ASSIGNMENT → The records below must be copied in full; omit the images.

+++++

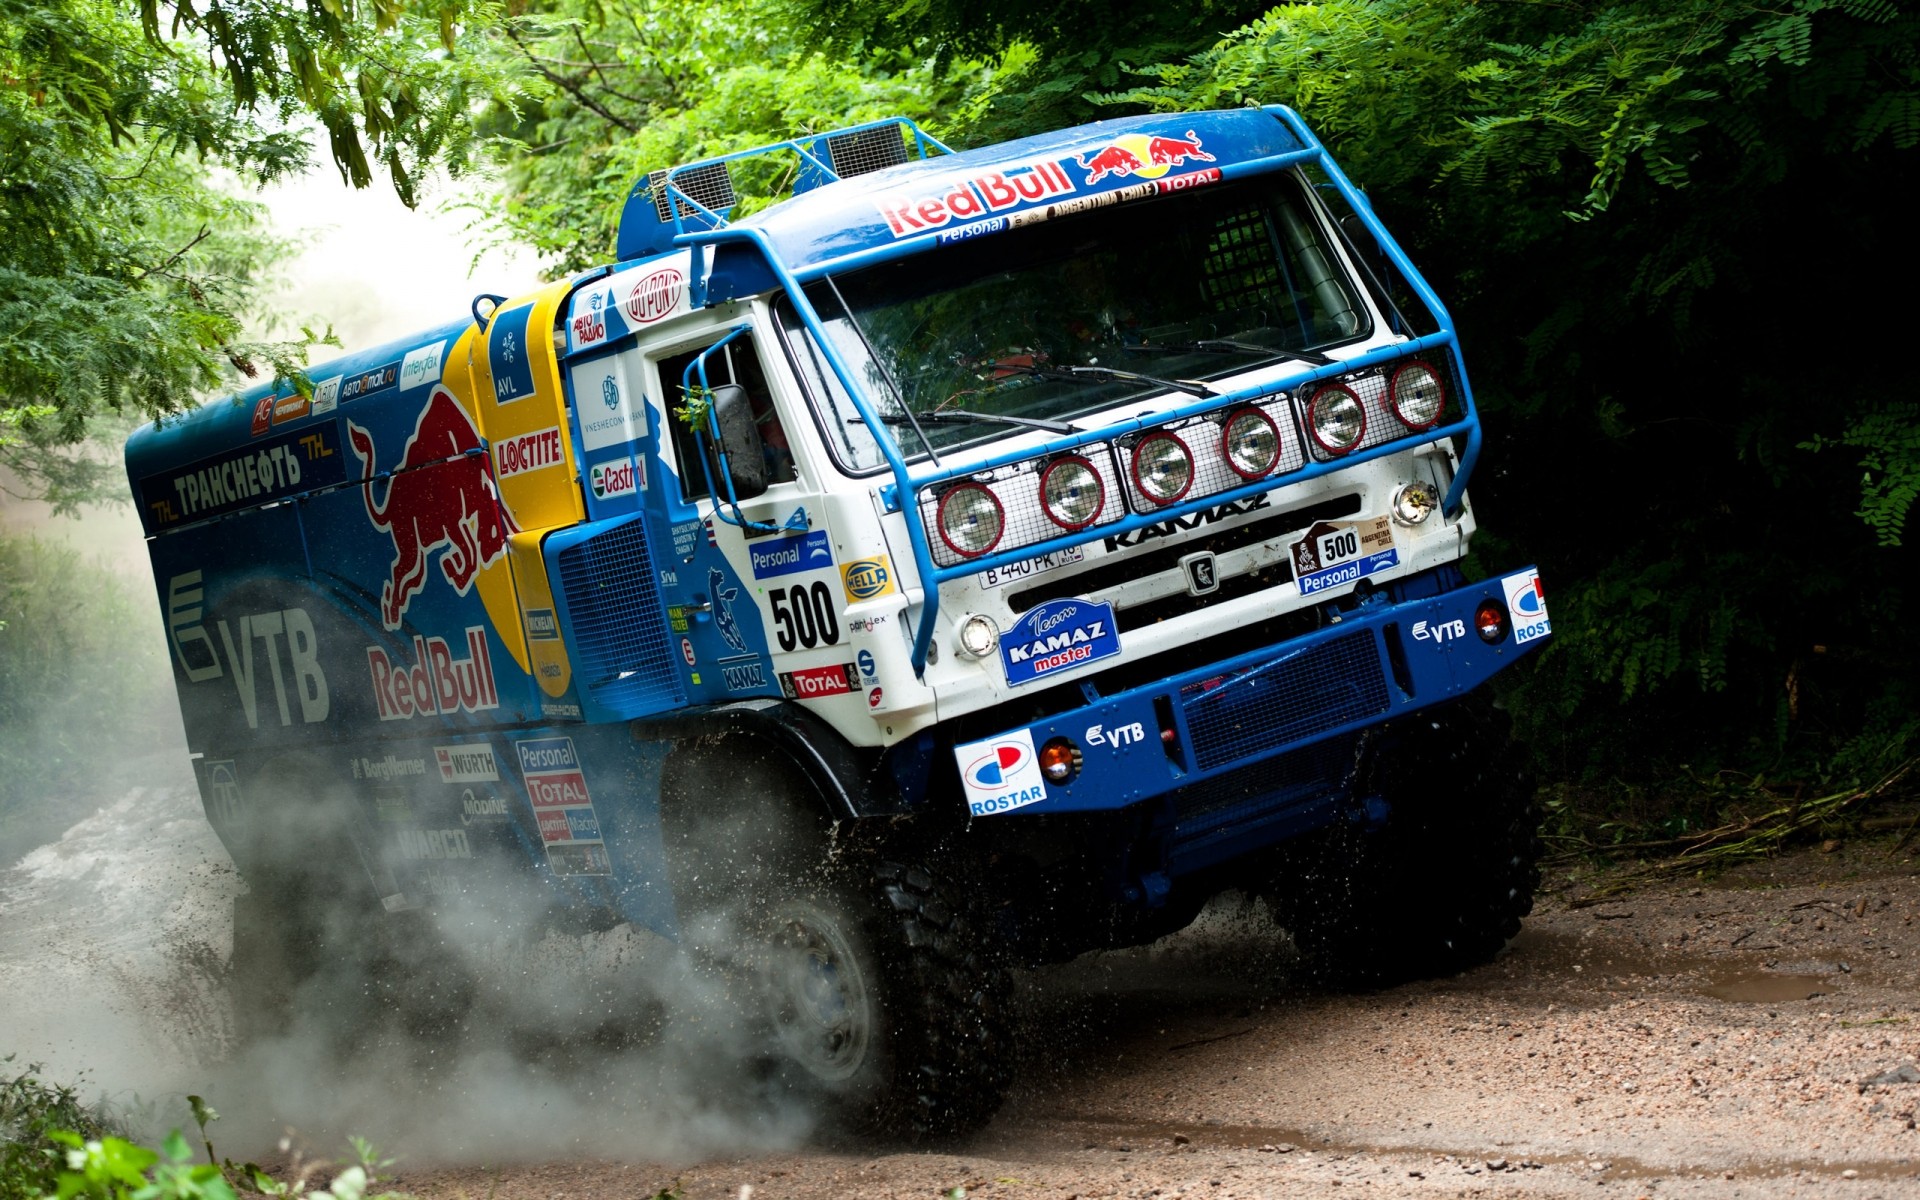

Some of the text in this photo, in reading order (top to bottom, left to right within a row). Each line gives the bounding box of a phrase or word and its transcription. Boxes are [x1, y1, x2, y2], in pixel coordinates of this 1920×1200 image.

[1165, 170, 1218, 191] TOTAL
[883, 161, 1075, 235] Red Bull
[942, 217, 1004, 243] Personal
[573, 313, 592, 331] АВТО
[579, 323, 604, 345] РАДИО
[498, 376, 517, 397] AVL
[498, 429, 560, 476] LOCTITE
[174, 445, 301, 516] ТРАНСНЕФТЬ
[1104, 493, 1271, 553] KAMAZ
[1376, 519, 1389, 530] 2011
[806, 537, 827, 548] Personal
[1324, 532, 1357, 561] 500
[1361, 529, 1391, 545] ARGENTINA
[1377, 536, 1392, 547] CHILE
[753, 544, 800, 570] Personal
[1001, 560, 1031, 579] 440
[1061, 556, 1074, 564] RUS
[1369, 550, 1392, 563] Personal
[848, 570, 888, 589] HELLA
[1303, 561, 1361, 593] Personal
[768, 580, 840, 652] 500
[1028, 606, 1077, 637] Team
[1009, 621, 1106, 664] KAMAZ
[1430, 618, 1466, 643] VTB
[683, 642, 694, 661] E
[1034, 644, 1092, 673] master
[217, 608, 330, 729] VTB
[368, 626, 499, 720] Red Bull
[722, 663, 768, 691] KAMAZ
[794, 674, 847, 694] TOTAL
[1106, 722, 1145, 748] VTB
[521, 741, 575, 769] Personal
[528, 780, 587, 804] TOTAL
[971, 785, 1042, 817] ROSTAR
[464, 798, 509, 815] MODINE
[569, 815, 597, 832] Macro
[397, 829, 472, 860] WABCO

+++++

TASK SOLUTION →
Some of the text in this photo, in reading order (top to bottom, left to right within a row). Each line gives the bounding box of a phrase or word and its transcription. Boxes are [x1, y1, x2, y2], in pixel coordinates of this 1920×1200 image.

[1165, 170, 1218, 191] TOTAL
[883, 161, 1075, 235] Red Bull
[942, 217, 1004, 243] Personal
[573, 313, 592, 331] АВТО
[579, 323, 604, 345] РАДИО
[498, 376, 517, 397] AVL
[498, 429, 560, 476] LOCTITE
[174, 445, 301, 516] ТРАНСНЕФТЬ
[1104, 493, 1271, 553] KAMAZ
[1376, 519, 1389, 530] 2011
[806, 537, 827, 548] Personal
[1324, 532, 1357, 561] 500
[1361, 529, 1391, 545] ARGENTINA
[1377, 536, 1392, 547] CHILE
[753, 544, 800, 570] Personal
[1001, 560, 1031, 579] 440
[1061, 556, 1074, 564] RUS
[1369, 550, 1392, 563] Personal
[848, 570, 888, 589] HELLA
[1303, 561, 1361, 593] Personal
[768, 580, 840, 652] 500
[1028, 606, 1077, 637] Team
[1009, 621, 1106, 664] KAMAZ
[1430, 618, 1466, 643] VTB
[683, 642, 694, 661] E
[1034, 644, 1092, 673] master
[217, 608, 330, 729] VTB
[368, 626, 499, 720] Red Bull
[722, 663, 768, 691] KAMAZ
[794, 674, 847, 694] TOTAL
[1106, 722, 1145, 748] VTB
[521, 741, 575, 769] Personal
[528, 780, 587, 804] TOTAL
[971, 785, 1042, 817] ROSTAR
[464, 798, 509, 815] MODINE
[569, 815, 597, 832] Macro
[397, 829, 472, 860] WABCO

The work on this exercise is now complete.